Transcribe each line of the material as it is, and drop any picture.

--*--

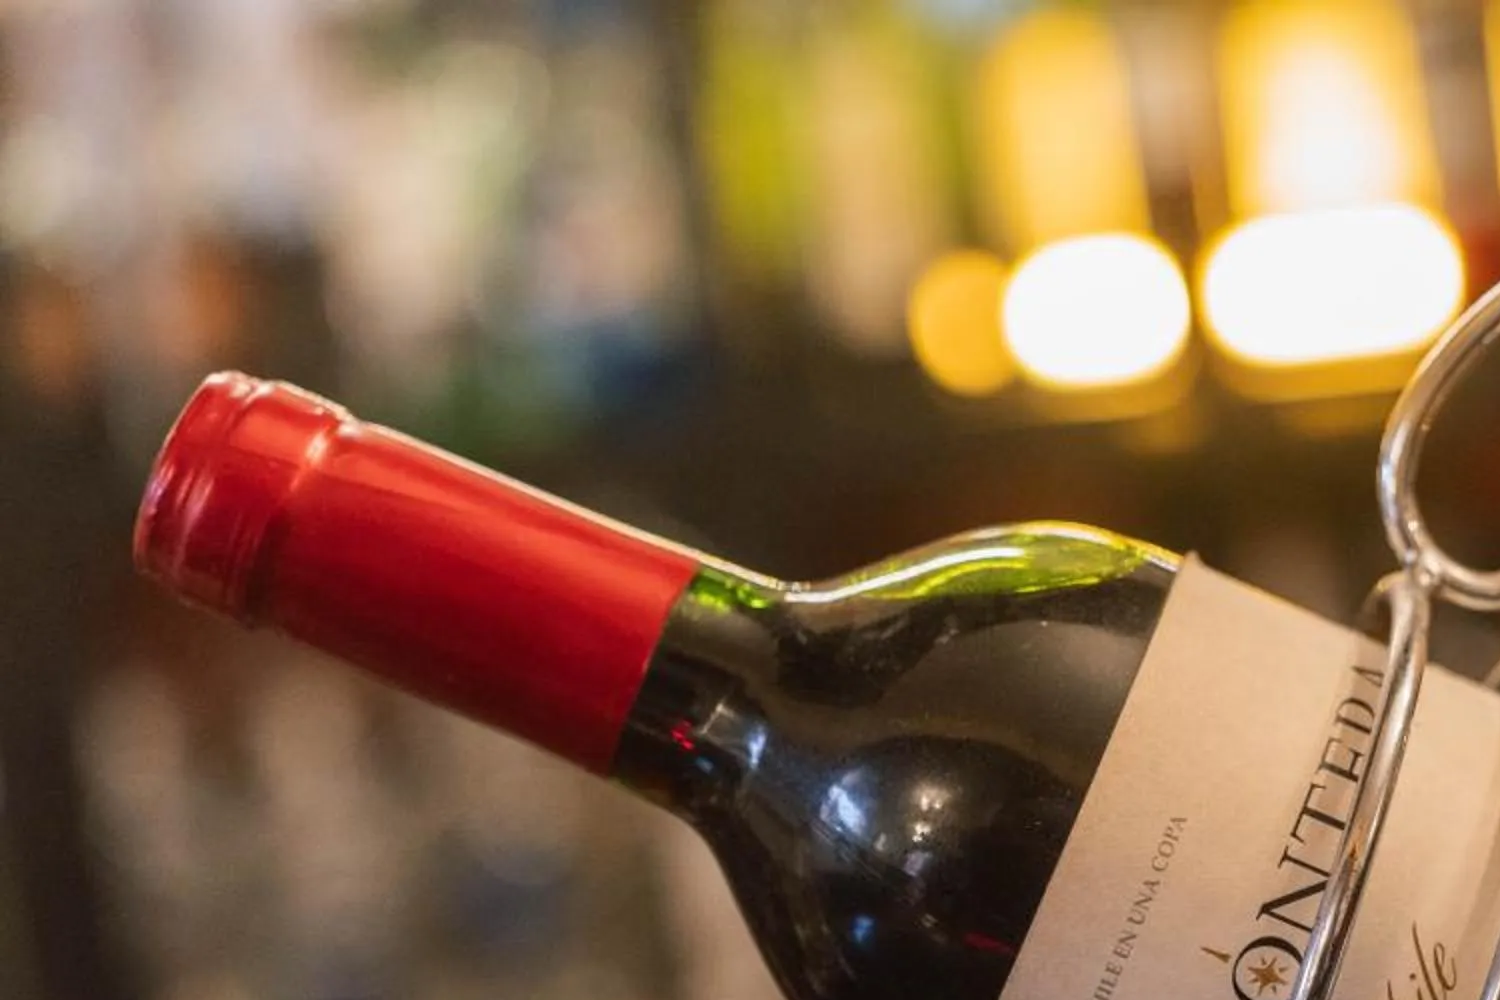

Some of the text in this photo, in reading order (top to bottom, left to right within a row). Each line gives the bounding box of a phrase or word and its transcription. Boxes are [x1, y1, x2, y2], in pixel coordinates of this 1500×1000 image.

[1113, 929, 1138, 959] EN
[1127, 880, 1161, 925] UNA
[1151, 816, 1188, 872] COPA
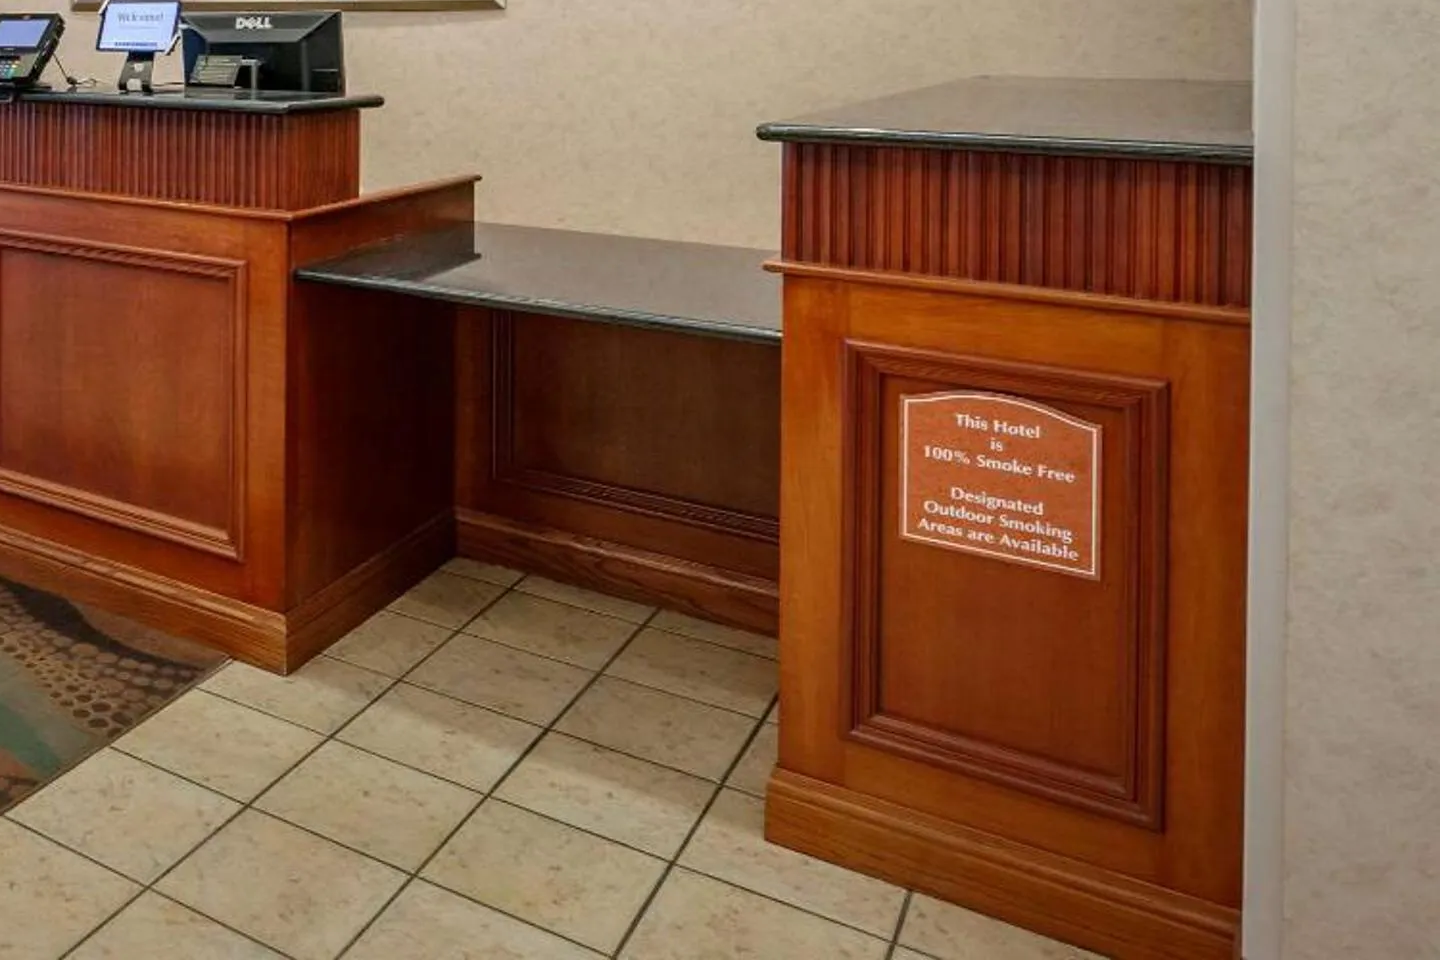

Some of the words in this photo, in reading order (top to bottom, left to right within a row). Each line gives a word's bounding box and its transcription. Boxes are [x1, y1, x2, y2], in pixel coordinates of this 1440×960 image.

--*--

### Output below
Some of the text in this photo, in reading order (top to bottom, left to right within a row). Each line gives the bounding box of a phrase or word and its transcription. Boxes are [x1, y1, x2, y2], in pixel coordinates of this 1500×1000 image.

[1113, 929, 1138, 959] EN
[1127, 880, 1161, 925] UNA
[1151, 816, 1188, 872] COPA

Some of the words in this photo, in reading order (top to bottom, left to right within a row). Each line gives a word's bounding box and its transcription. Boxes are [x1, y1, x2, y2], in pixel coordinates of this 1440×960 image.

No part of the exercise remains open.